Again the Sirens:

Alas! and will ye stop your ears,
In vain desire to do aught,
And wish to live 'mid cares and fears,
Until the last fear makes you nought?

But Orpheus, reminding the rowers of home and love and joy:

Is not the May-time now on earth,
When close against the city wall
The folks are singing in their mirth,
While on their heads the May flowers fall?

carried them past triumphant.

The Argonauts arrived safe in Thessaly. Jason delivered the fleece to Pelias, and dedicated the Argo to Neptune.

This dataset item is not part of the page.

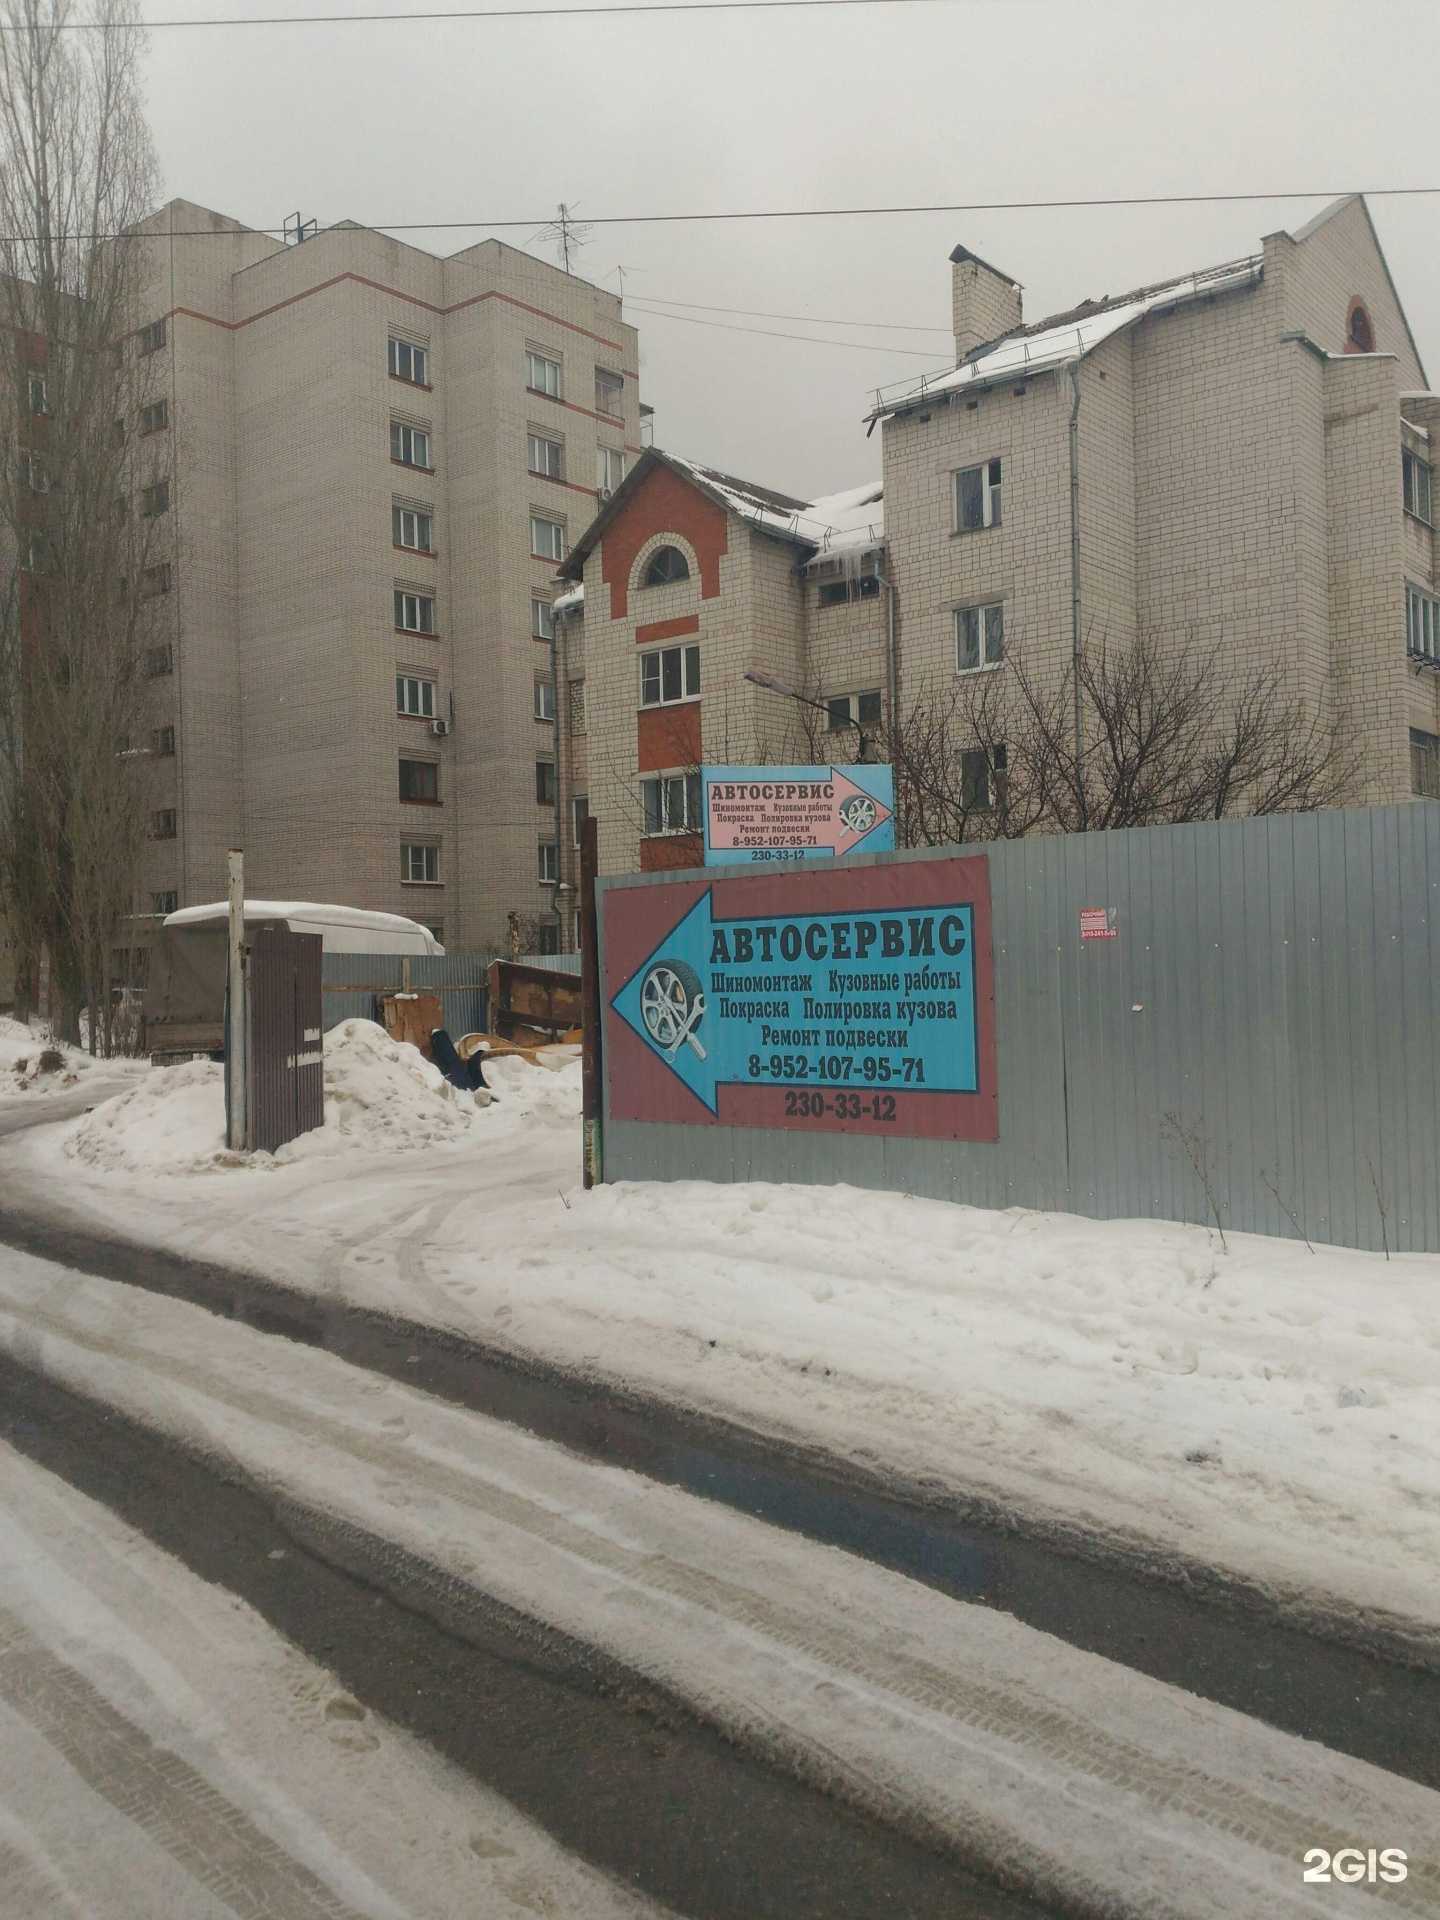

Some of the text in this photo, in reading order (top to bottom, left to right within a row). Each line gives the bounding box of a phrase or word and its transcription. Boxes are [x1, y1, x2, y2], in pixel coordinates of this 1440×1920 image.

166. Medea and Æson.[240] Medea's career as a sorceress was, by no means, completed. At Jason's request she undertook next to restore his aged father Æson to the vigor of youth. To the full moon she addressed her incantations, to the stars, to Hecate, to Tellus, the goddess of the earth. In a chariot borne aloft by dragons she traversed the fields of air to regions where flourished potent plants, which only she knew how to select. Nine nights she employed in her search, and during that period shunned all intercourse with mortals.

Fig. 132. Medea

Next she erected two altars, the one to Hecate, the other to Hebe, and sacrificed a black sheep,—pouring libations of milk and wine. She implored Pluto and his stolen bride to spare the old man's life. Then she directed that Æson be led forth; and throwing him into a deep sleep, she laid him on a bed of herbs, like one dead. No eye profane looked upon her mysteries. With streaming hair thrice she moved round the altars, dipped flaming twigs in the blood, and laid them thereon to burn. Meanwhile, the caldron with its contents was preparing. In it she put magic herbs, with seeds and flowers of acrid juice, stones from the distant East, and sand from the shore of all-surrounding ocean, hoar-frost gathered by moonlight, a screech owl's head and wings, and the entrails of a wolf. She added fragments of the shells of tortoises and the liver of stags—animals tenacious of life—and the head and beak of a crow, which outlives nine generations of men. These, with many other things "without a name," she boiled together for her purposed work, stirring them with a dry olive branch. The branch, when taken out, instantly was green and erelong was covered with leaves and a plentiful growth of young olives; and as the liquor boiled and bubbled and sometimes bubbled over, the grass wherever the sprinklings fell leaped into verdure like that of spring.